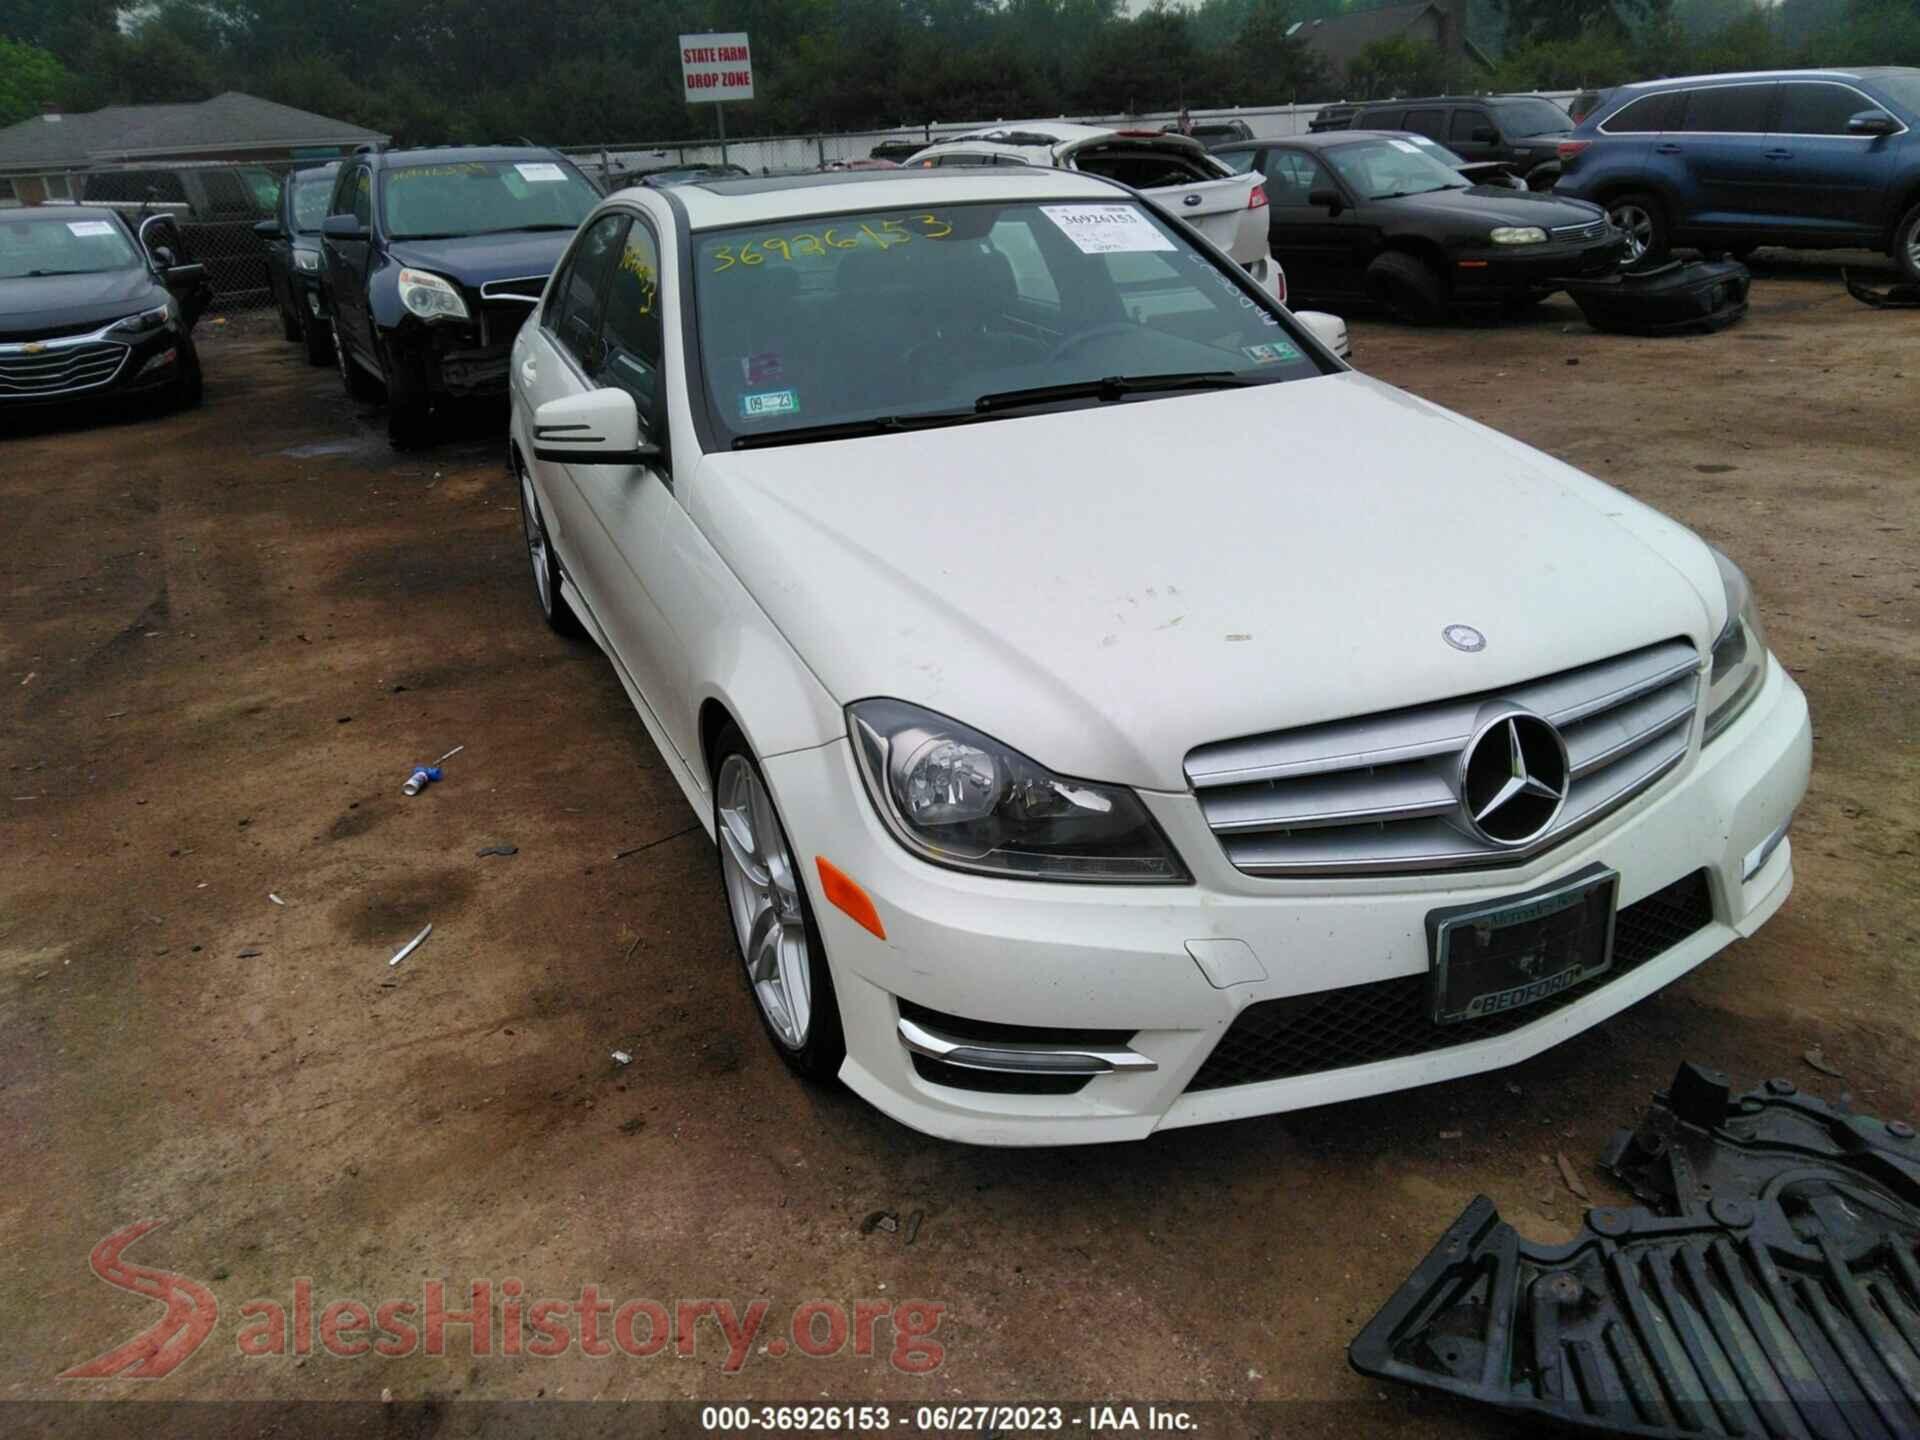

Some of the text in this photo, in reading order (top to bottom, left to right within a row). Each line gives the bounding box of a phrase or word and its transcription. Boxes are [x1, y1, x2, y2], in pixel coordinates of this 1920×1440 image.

[683, 45, 748, 64] STATE FARM
[687, 71, 751, 89] DROP ZONE
[713, 213, 952, 273] 36926153
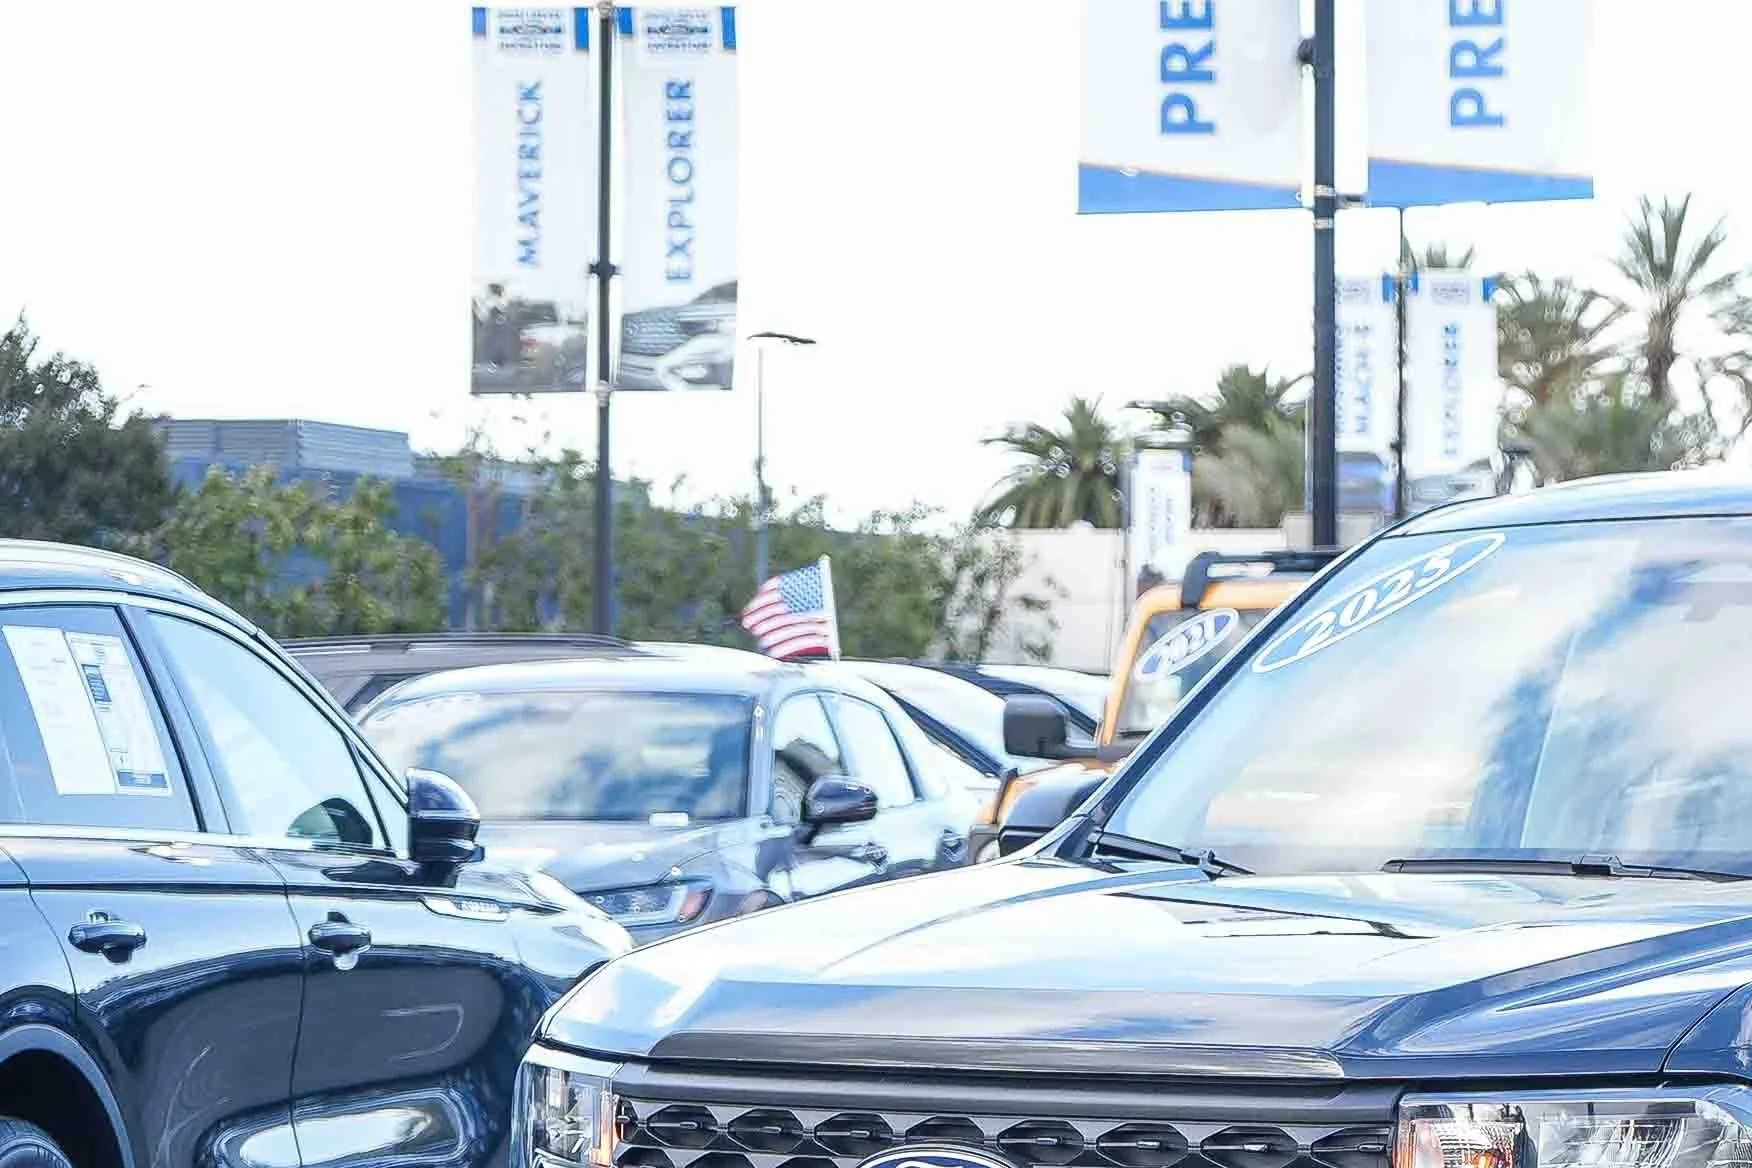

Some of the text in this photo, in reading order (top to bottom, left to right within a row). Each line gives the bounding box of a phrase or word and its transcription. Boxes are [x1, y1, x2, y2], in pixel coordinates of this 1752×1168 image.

[517, 80, 542, 267] MAVERICK
[666, 78, 693, 281] EXPLORER
[1300, 551, 1456, 643] 2025
++++++
■ **Your instructions**
Print all the entries exactly as they appear, without the pictures.

■ **Solution below**
Some of the text in this photo, in reading order (top to bottom, left to right within a row). Each line gives the bounding box of a phrase or word and its transcription. Boxes are [x1, y1, x2, y2], in pixel coordinates of this 1920×1440 image.

[683, 45, 748, 64] STATE FARM
[687, 71, 751, 89] DROP ZONE
[713, 213, 952, 273] 36926153

Some of the text in this photo, in reading order (top to bottom, left to right within a row). Each line gives the bounding box of a phrase or word and its transcription. Boxes are [x1, y1, x2, y2], in pixel coordinates of this 1752×1168 image.

[517, 80, 542, 267] MAVERICK
[666, 78, 693, 281] EXPLORER
[1300, 551, 1456, 643] 2025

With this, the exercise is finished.